According to her website, clothing designer and pop-up book author Elsner is "an American artist and designer currently living and working on a small island on the western coast of Canada. She is a performing artist in presentation of her book works, and has traveled widely across North America giving theatrical readings and giving her audiences encounters with the universes with in her clothing, costumes and book arts. She has served as the fashion director of The Ayden Gallery, a contemporary art gallery in Vancouver, and a researcher at Simon Fraser University working in the development of electronically active textiles and "soft-wear" able arts and garments. Her ready to wear recycled clothing pieces are each distinct and unique, signified by her hand knitted labels. Our clothing is an intimate language, and the clothing work is meant to engender enjoyment of the perfection of the nakedness of the body inside. We need one another, our bodies and our minds do, but there is also a part of ourselves that needs solitude, and our arts in many cases allow us to interact with our sensual, ephemeral selves so personally as to show us the way into such alone-ness as we cannot find when we are isolated. To be arrested before a painting, to be naked inside ones clothes, to have the neck relax and disappear into the darkness of the theater or the printed word with so many others all around, ahead and behind, to touch the something, or to feel the bass notes through the floor or walls, to be lead on a journey or an encounter, to surrender and teach or be taught; these experiences are the richest foods of our highest intimate selves, engendered through our arts. Sometimes these experiences live on nothing but air, but sometimes live with a fiercer passion for the quiet that appreciation and creation of our arts instill in us as we see and experience through the mind's eye of our fellows, and as we are beside ourselves in our own inspiration, in our own ways, moments in time: mind at large, roaming, free." [See www.egretion.com]

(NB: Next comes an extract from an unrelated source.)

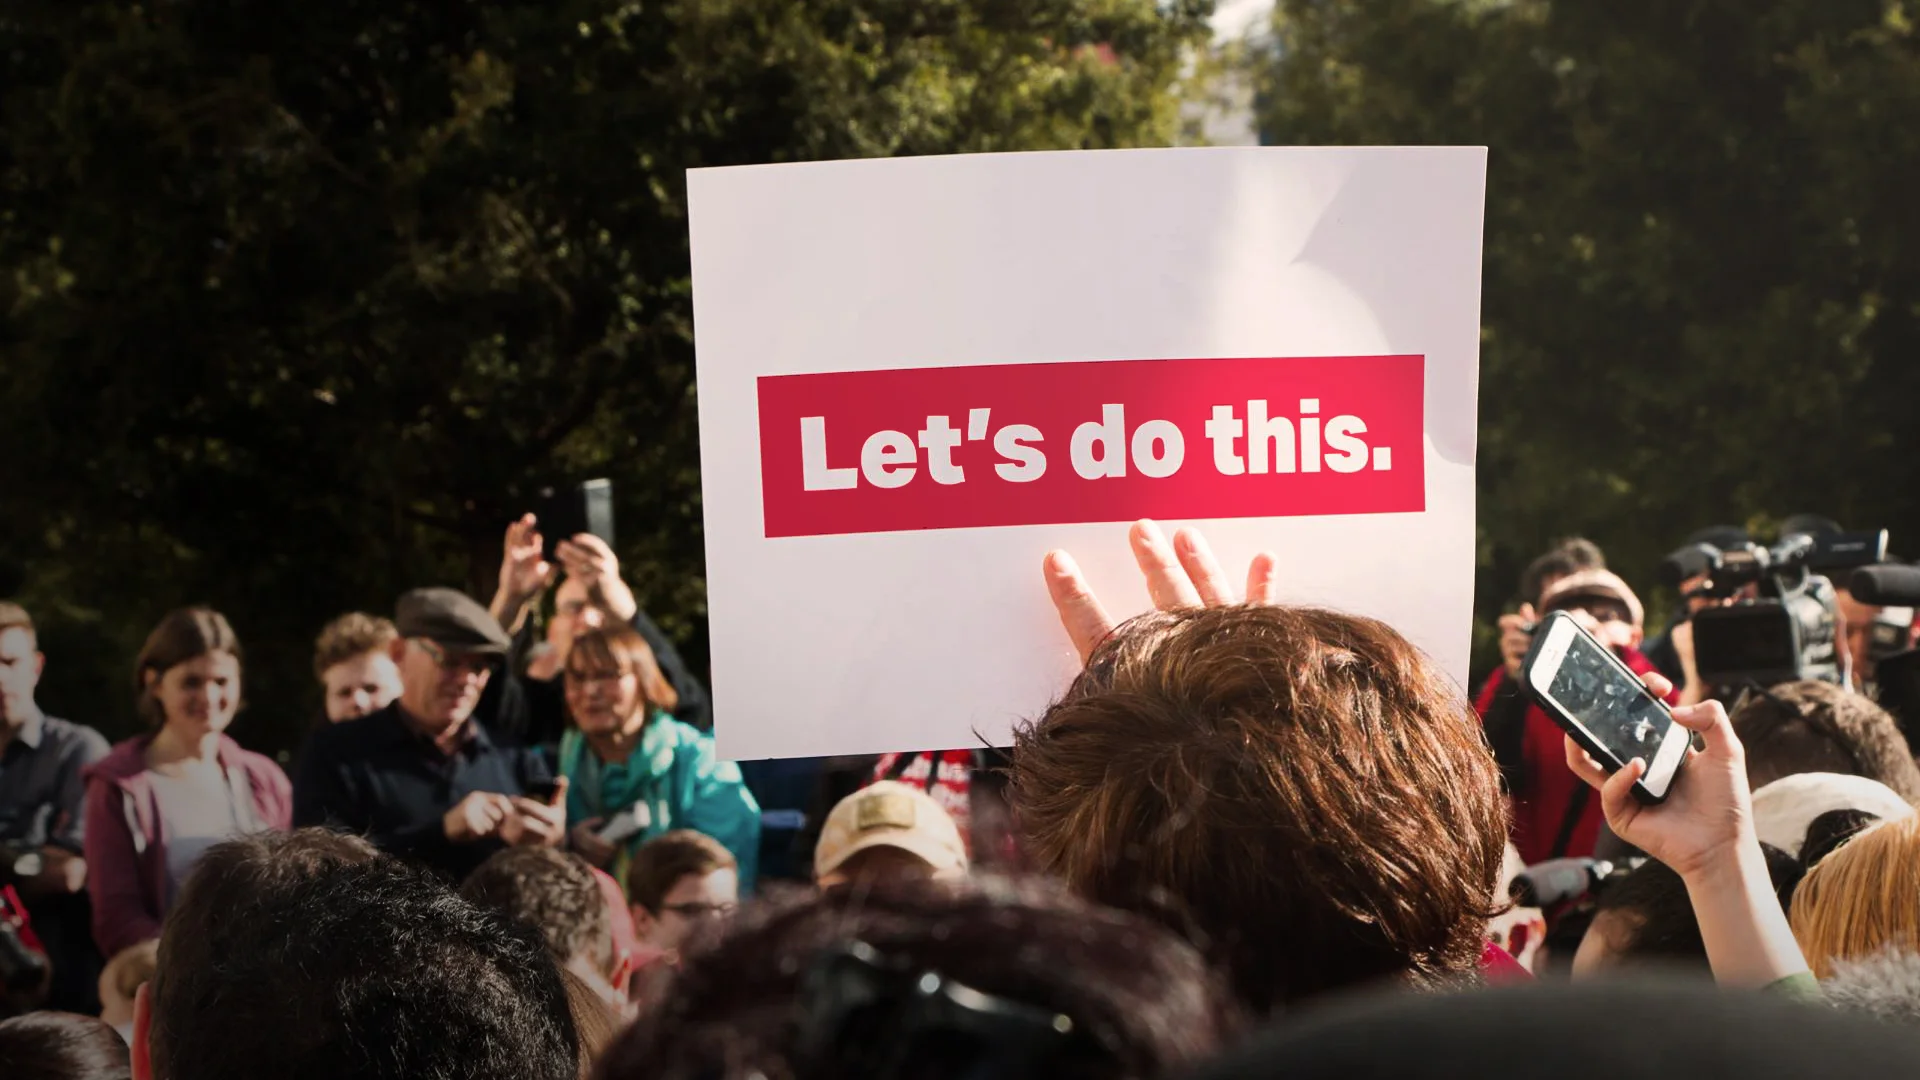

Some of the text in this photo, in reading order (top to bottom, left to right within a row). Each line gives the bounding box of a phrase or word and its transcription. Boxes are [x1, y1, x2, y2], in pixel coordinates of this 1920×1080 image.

[BCBW 2007] "Illustration"

A Positive Attitude
Personal Essay (1998)

As the winner of a Gold Medal for Playwriting in 1998 in a Scholastic Publishing contest for her one-act play "Clever Edward," Gretchen Elsner was invited to write about herself and her work. Her 'statement of practice' follows:


In beginning to compose my thoughts here I am reminded vividly of sitting on the banks of a stream at three years old and watching water in rapture; of trying to draw it, or sculpt it, to some how show through me the endless flow.

First and foremost I respect myself as a medium and tool, in my efforts with the materials and forces that I work with. We tend to pick up a tool and use it for just what we need, not necessarily what some other mind intended for it. By bringing all part of myself into activity, beyond the paradox of capability, I am always learning to enjoy by being constantly adaptable, imaginative, intuitive, and fluidly skillful.

I find this especially in my work as a clothing and costume designer and storyteller. Clothing is one of our most intimate languages, full of memory and living personality. As I design, draft patterns, and create garments, costumes, quilts, dolls, puppets, and whole environments with textiles I encounter again and again an ineffable and yet tactile experience I believe we all share in, the affects of the invisible manifesting in our world as art. I revel in the mechanical engineering of my pop-up books, the way shapes, forms and energies interact beside them selves. When I step away of myself to perform in costume with my book works it is a time when I can show others the evidence of things not seen, the investigation of relationships of causes and effects, and the paying of attention to details.

As a researcher in wearable technologies and conductive textiles I am fascinated with the awesome force of electricity, in the ways that it is mathematically described. The way that electricity behaves bespeaks all the other forces we know and endeavor to understand. It has taken time and effort for me to cotton onto the fact that the language of the sciences is being spoken all the time, it is very real, precise, applicable, and passionate, I just didn't know it! As I expand my understanding of the sciences my experience of the arts becomes ever so much more empowering and fulfilling.

As a self-taught, self-employed artist I have learned to labor and discipline myself, to be resourceful, and to thrive on self sufficiency. But in turn I have felt how ponderous and one-sided the learning of the self-taught can be, and that when joining with others in practice all efforts take on a much more cheerful lightness. I am grateful to my clients, colleagues, students, teachers, audiences, collaborators, friends and my family. I am inspired as I learn the power of praise, how to exhort others in their work, and to find a creative ways to work together.

The expressions of our cultures are imperative in all our lives, and I regret that there is doubt in society at large of this fact, and I regret that I have doubted my own importance as a creative producer. Out of such regrets I have come to believe there is innate knowing we need to survive, just as a bird must know to fly to the seasonal lands; and for people some of this information we store outside of ourselves in the forms of our art works, writings, and artifacts. The self propulsion required to be an artist must be feed such enduring, powerful and innate food as the truth to, "Believe in yourself! Trust your instincts, and enjoy!" A positive attitude is imperative for the satisfaction of a creative life.